Data under study section start
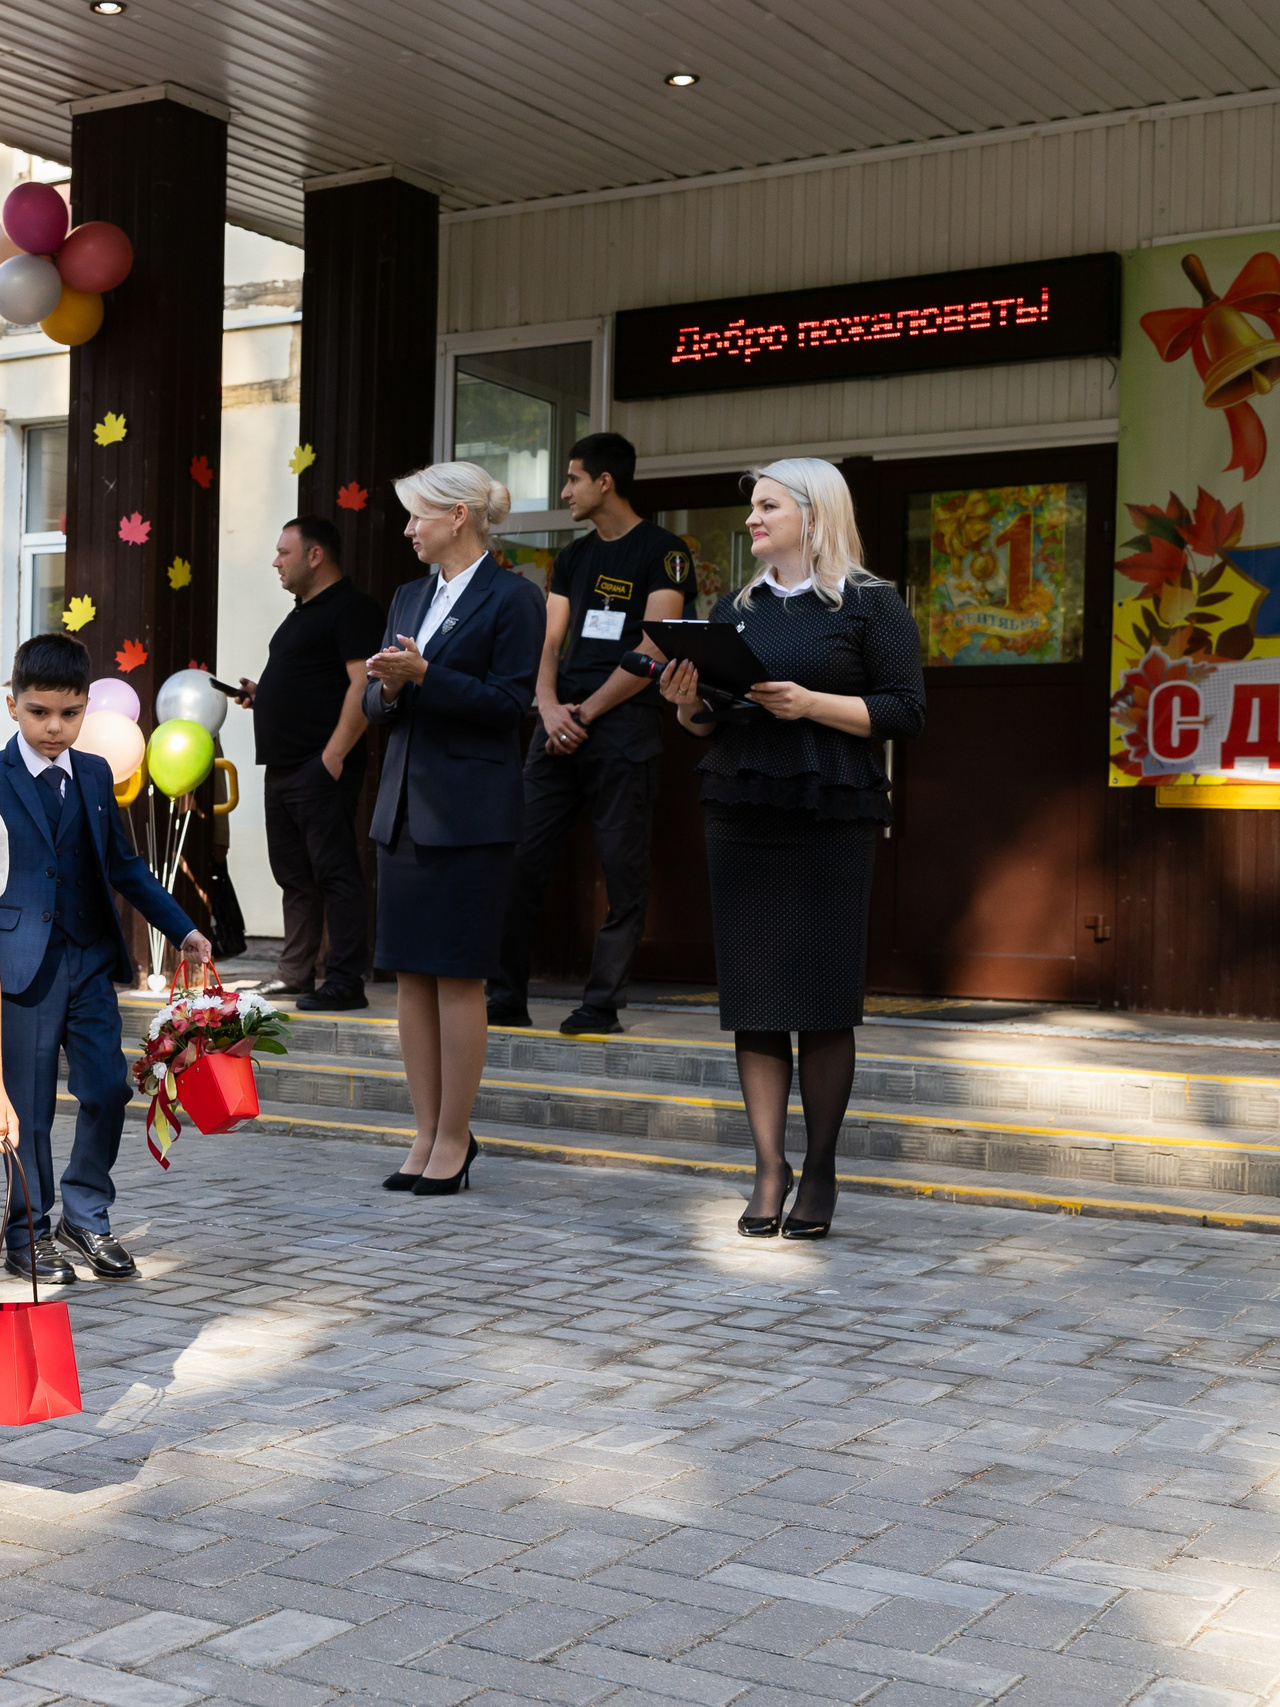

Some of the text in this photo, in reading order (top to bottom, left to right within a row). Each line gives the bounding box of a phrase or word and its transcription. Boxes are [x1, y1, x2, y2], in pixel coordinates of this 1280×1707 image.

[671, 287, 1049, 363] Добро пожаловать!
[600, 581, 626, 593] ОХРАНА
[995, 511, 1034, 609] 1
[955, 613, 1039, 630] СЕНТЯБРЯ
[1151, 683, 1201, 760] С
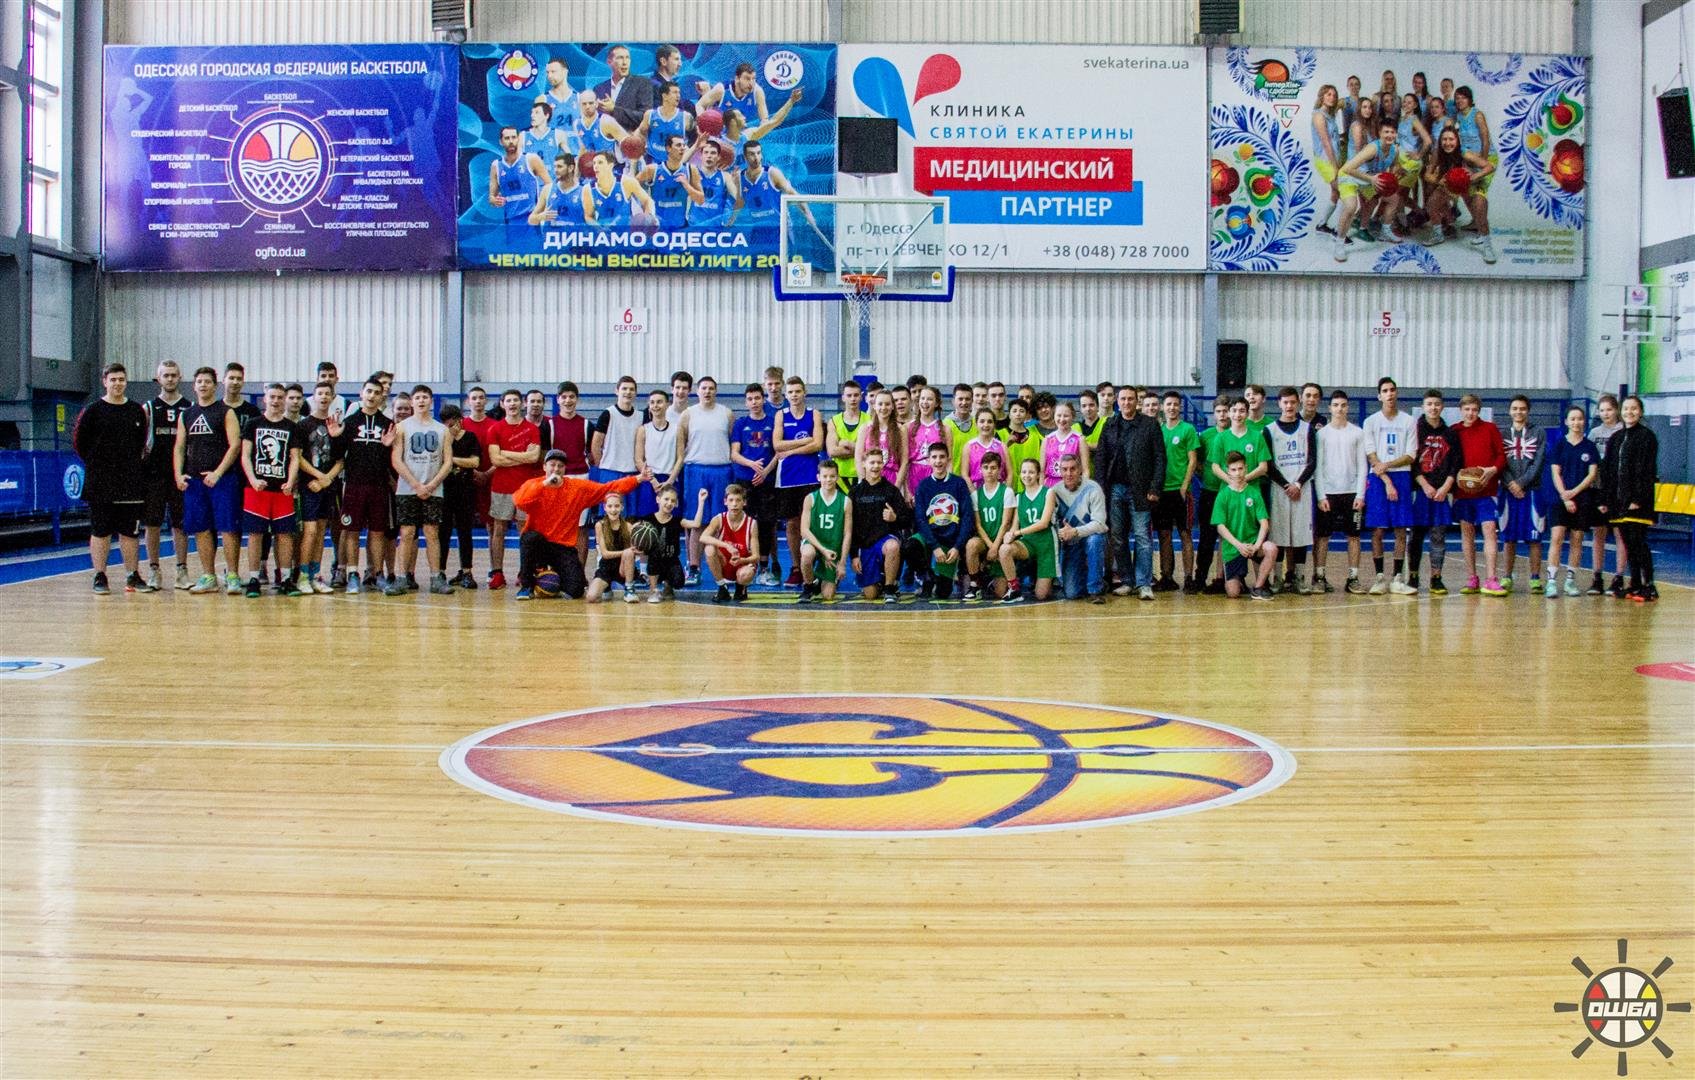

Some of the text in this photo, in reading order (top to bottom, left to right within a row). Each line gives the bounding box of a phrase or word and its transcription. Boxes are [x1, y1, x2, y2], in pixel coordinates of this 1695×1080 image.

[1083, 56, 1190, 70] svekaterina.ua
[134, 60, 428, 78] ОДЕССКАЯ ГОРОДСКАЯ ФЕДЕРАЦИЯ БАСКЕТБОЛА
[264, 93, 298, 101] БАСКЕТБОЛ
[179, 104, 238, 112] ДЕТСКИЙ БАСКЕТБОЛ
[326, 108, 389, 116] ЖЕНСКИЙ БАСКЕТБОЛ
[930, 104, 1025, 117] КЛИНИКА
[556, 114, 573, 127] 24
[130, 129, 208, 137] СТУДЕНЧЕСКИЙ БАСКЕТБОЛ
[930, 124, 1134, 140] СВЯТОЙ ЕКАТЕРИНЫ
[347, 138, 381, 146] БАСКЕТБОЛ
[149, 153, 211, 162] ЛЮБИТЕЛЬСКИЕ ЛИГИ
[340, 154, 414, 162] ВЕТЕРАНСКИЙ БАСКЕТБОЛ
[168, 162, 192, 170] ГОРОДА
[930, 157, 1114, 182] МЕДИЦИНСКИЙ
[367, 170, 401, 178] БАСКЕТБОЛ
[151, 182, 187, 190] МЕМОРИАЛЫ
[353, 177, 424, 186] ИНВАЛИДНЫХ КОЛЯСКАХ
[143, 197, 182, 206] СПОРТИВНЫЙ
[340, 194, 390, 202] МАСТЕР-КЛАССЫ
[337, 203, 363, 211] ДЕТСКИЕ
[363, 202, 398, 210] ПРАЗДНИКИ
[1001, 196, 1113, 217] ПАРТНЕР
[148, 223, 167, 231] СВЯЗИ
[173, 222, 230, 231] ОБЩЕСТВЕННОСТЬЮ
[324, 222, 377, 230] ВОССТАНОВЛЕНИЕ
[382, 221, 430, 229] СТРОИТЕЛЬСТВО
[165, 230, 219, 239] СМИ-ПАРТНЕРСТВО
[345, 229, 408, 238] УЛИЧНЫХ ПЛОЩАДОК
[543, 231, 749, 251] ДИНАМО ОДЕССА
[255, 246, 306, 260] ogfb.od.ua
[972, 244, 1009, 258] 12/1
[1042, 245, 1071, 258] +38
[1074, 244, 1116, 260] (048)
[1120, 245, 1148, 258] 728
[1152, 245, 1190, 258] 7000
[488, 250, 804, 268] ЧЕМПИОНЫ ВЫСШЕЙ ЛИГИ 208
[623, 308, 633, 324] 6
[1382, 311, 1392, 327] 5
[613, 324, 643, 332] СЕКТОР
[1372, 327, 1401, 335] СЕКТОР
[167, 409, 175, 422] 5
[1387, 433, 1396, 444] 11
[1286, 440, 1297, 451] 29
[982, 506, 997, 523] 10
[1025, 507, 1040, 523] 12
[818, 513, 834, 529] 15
Data under study section end
> _Task item_
Because the pictures are not wanted, retype only the text of every record, exactly as given.

> _Exercise response_
Some of the text in this photo, in reading order (top to bottom, left to right within a row). Each line gives the bounding box of a phrase or word and its transcription. Boxes are [x1, y1, x2, y2], in pixel coordinates of this 1280×1707 image.

[671, 287, 1049, 363] Добро пожаловать!
[600, 581, 626, 593] ОХРАНА
[995, 511, 1034, 609] 1
[955, 613, 1039, 630] СЕНТЯБРЯ
[1151, 683, 1201, 760] С

Some of the text in this photo, in reading order (top to bottom, left to right within a row). Each line gives the bounding box of a phrase or word and its transcription. Boxes are [x1, y1, x2, y2], in pixel coordinates of this 1695×1080 image.

[1083, 56, 1190, 70] svekaterina.ua
[134, 60, 428, 78] ОДЕССКАЯ ГОРОДСКАЯ ФЕДЕРАЦИЯ БАСКЕТБОЛА
[264, 93, 298, 101] БАСКЕТБОЛ
[179, 104, 238, 112] ДЕТСКИЙ БАСКЕТБОЛ
[326, 108, 389, 116] ЖЕНСКИЙ БАСКЕТБОЛ
[930, 104, 1025, 117] КЛИНИКА
[556, 114, 573, 127] 24
[130, 129, 208, 137] СТУДЕНЧЕСКИЙ БАСКЕТБОЛ
[930, 124, 1134, 140] СВЯТОЙ ЕКАТЕРИНЫ
[347, 138, 381, 146] БАСКЕТБОЛ
[149, 153, 211, 162] ЛЮБИТЕЛЬСКИЕ ЛИГИ
[340, 154, 414, 162] ВЕТЕРАНСКИЙ БАСКЕТБОЛ
[168, 162, 192, 170] ГОРОДА
[930, 157, 1114, 182] МЕДИЦИНСКИЙ
[367, 170, 401, 178] БАСКЕТБОЛ
[151, 182, 187, 190] МЕМОРИАЛЫ
[353, 177, 424, 186] ИНВАЛИДНЫХ КОЛЯСКАХ
[143, 197, 182, 206] СПОРТИВНЫЙ
[340, 194, 390, 202] МАСТЕР-КЛАССЫ
[337, 203, 363, 211] ДЕТСКИЕ
[363, 202, 398, 210] ПРАЗДНИКИ
[1001, 196, 1113, 217] ПАРТНЕР
[148, 223, 167, 231] СВЯЗИ
[173, 222, 230, 231] ОБЩЕСТВЕННОСТЬЮ
[324, 222, 377, 230] ВОССТАНОВЛЕНИЕ
[382, 221, 430, 229] СТРОИТЕЛЬСТВО
[165, 230, 219, 239] СМИ-ПАРТНЕРСТВО
[345, 229, 408, 238] УЛИЧНЫХ ПЛОЩАДОК
[543, 231, 749, 251] ДИНАМО ОДЕССА
[255, 246, 306, 260] ogfb.od.ua
[972, 244, 1009, 258] 12/1
[1042, 245, 1071, 258] +38
[1074, 244, 1116, 260] (048)
[1120, 245, 1148, 258] 728
[1152, 245, 1190, 258] 7000
[488, 250, 804, 268] ЧЕМПИОНЫ ВЫСШЕЙ ЛИГИ 208
[623, 308, 633, 324] 6
[1382, 311, 1392, 327] 5
[613, 324, 643, 332] СЕКТОР
[1372, 327, 1401, 335] СЕКТОР
[167, 409, 175, 422] 5
[1387, 433, 1396, 444] 11
[1286, 440, 1297, 451] 29
[982, 506, 997, 523] 10
[1025, 507, 1040, 523] 12
[818, 513, 834, 529] 15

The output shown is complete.